La jurisprudence francophone des Cours suprêmes


recherche avancée

21/03/2019 | FRANCE | N°17LY00334

France | France, Cour administrative d'appel de Lyon, 4ème chambre - formation à 3, 21 mars 2019, 17LY00334


Vu la procédure suivante :

Procédure contentieuse antérieure

La commune de Poisy a demandé au tribunal administratif de Grenoble de condamner la société Arch'ingénierie Spelta-Laurent à lui verser la somme de 50 221,71 euros HT assortie des intérêts légaux et de leur capitalisation, en réparation des désordres ayant affecté l'installation d'eau chaude sanitaire d'un bâtiment technique attenant aux terrains de football communaux.

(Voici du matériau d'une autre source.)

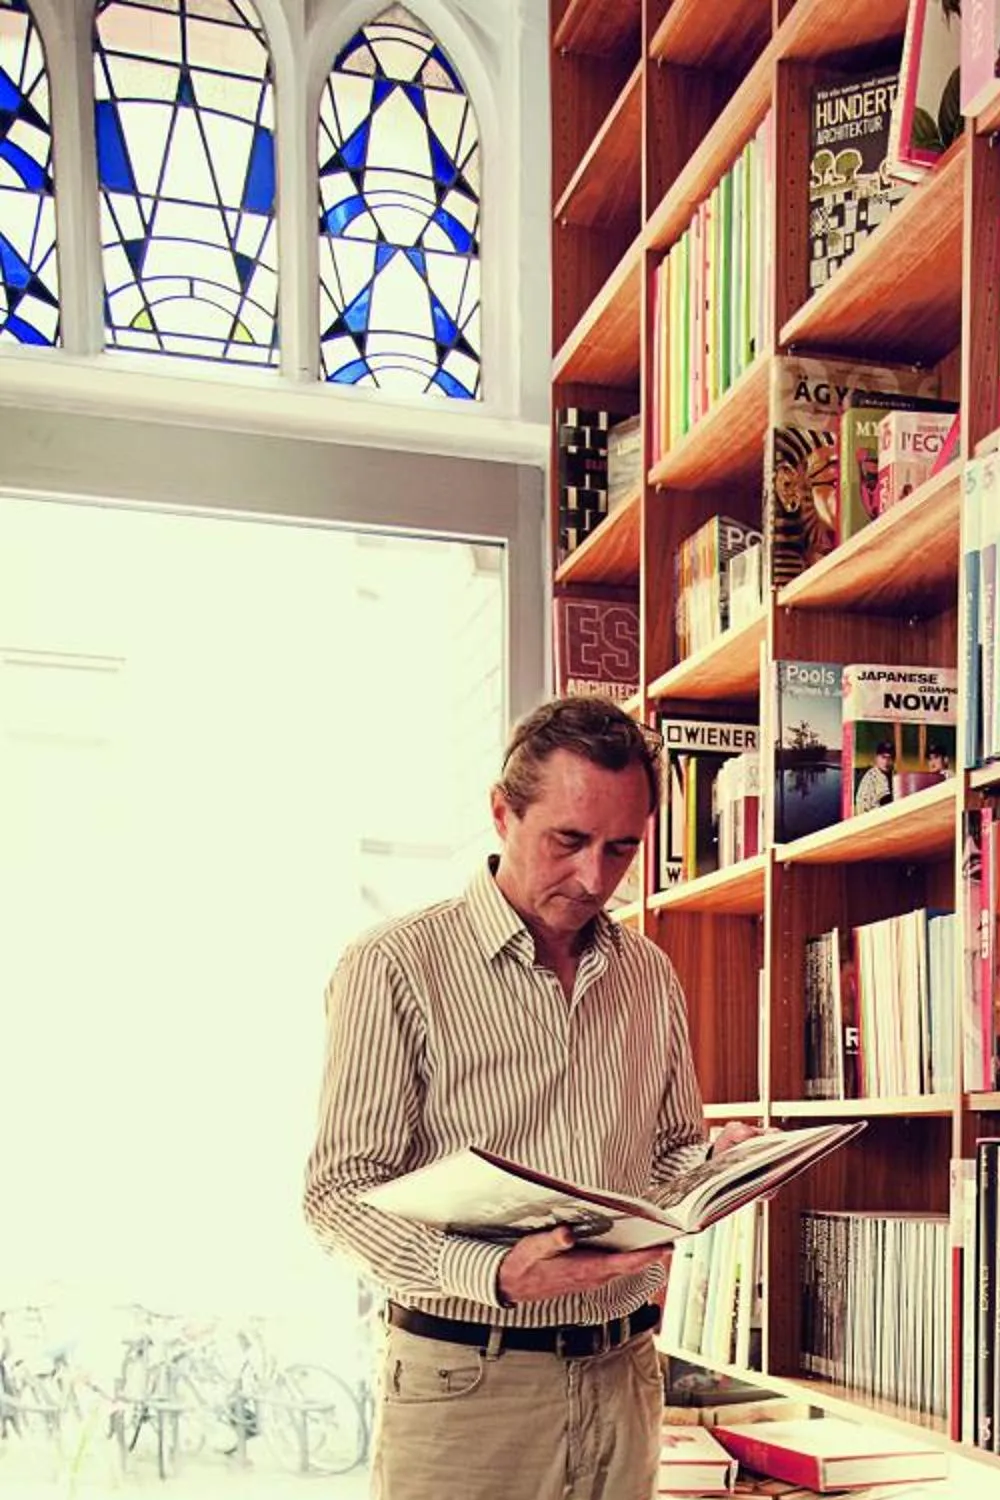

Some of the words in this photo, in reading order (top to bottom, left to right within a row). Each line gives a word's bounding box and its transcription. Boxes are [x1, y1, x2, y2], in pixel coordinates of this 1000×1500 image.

[816, 84, 898, 129] HUNDERT
[817, 116, 882, 145] ARCHITEKTUR
[786, 665, 835, 685] Pools
[857, 671, 939, 685] JAPANESE
[884, 693, 949, 713] NOW!
[684, 726, 756, 747] WIENER

Par un jugement n° 1300257 du 22 novembre 2016, le tribunal a partiellement fait droit à sa demande en condamnant la société Ar

ch'ingénierie Spelta-Laurent à lui verser la somme de 45 560 euros HT assortie des i...

Vu la procédure suivante :

Procédure contentieuse antérieure

La commune de Poisy a demandé au tribunal administratif de Grenoble de condamner la société Arch'ingénierie Spelta-Laurent à lui verser la somme de 50 221,71 euros HT assortie des intérêts légaux et de leur capitalisation, en réparation des désordres ayant affecté l'installation d'eau chaude sanitaire d'un bâtiment technique attenant aux terrains de football communaux.

Par un jugement n° 1300257 du 22 novembre 2016, le tribunal a partiellement fait droit à sa demande en condamnant la société Arch'ingénierie Spelta-Laurent à lui verser la somme de 45 560 euros HT assortie des intérêts légaux et de leur capitalisation.

Procédure devant la cour

Par une requête enregistrée le 23 janvier 2017, la société Arch'Ingénierie Spelta-Laurent, représentée par MeD..., demande à la cour :

1°) d'annuler le jugement ;

2°) subsidiairement, de condamner M. A...E..., la société Michel Barbalat et la société bureau Alpes Contrôles à la relever et garantir de la condamnation prononcée à son encontre ;

3°) de mettre à la charge de la commune de Poisy le versement de la somme de 3 500 euros au titre des frais du litige.

Elle soutient que :

- le tribunal a jugé que l'ouvrage était impropre à sa destination alors qu'il était conforme aux normes sanitaires applicables lors de la réception ;

- il a également jugé que la commune apportait la preuve des désordres allégués malgré l'absence de constat contradictoire ;

- la commune n'établit pas que la présence de légionelles à un taux élevé serait imputable à une erreur de conception de l'ouvrage ;

- elle est fondée à appeler en garantie le bureau d'études fluides et le contrôleur technique qui ne l'ont pas informée d'un défaut de conception ou de réalisation de l'ouvrage ainsi que le titulaire du lot " chauffage, plomberie, sanitaire ".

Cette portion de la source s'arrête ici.